Another spike in fatal crashes occurred around 7 p.m. Researchers noted that this coincides with the end of happy hour in restaurants and bars where one can buy a fair share of drinks at inexpensive prices.
Another troubling finding was the amount of alcohol drivers in these fatal crashes consumed before their collisions. Researchers found each state's highest and lowest blood alcohol content (BAC) level among those in fatal drunk driving crashes. The lowest BAC recorded was .26 percent. That amount of alcohol in a person's system can result in blackouts and alcohol poisoning. It comes after at least 14 drinks for many people.

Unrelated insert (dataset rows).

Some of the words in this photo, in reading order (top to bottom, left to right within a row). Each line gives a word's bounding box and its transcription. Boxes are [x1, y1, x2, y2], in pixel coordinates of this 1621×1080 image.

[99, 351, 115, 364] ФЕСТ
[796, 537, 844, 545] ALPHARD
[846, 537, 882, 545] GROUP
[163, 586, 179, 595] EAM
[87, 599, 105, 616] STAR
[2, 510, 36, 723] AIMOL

Of course, Maryland law enforcement agencies also know when drunk drivers are most likely to be on the road and deploy their resources accordingly. Even if you haven't gotten to a level of intoxication that puts you in immediate physical danger, you may well be over the legal limit after a few hours of drinking, even if you're "pacing" yourself and consuming only a couple of drinks an hour.
That's why it's best to call an Uber or Lyft rather than risk driving home or anywhere else. If you are arrested for driving under the influence (DUI), the impact on your life and career can be serious. That's why you should never face a Motor Vehicle Administration (MVA) hearing or go into court without experienced legal guidance.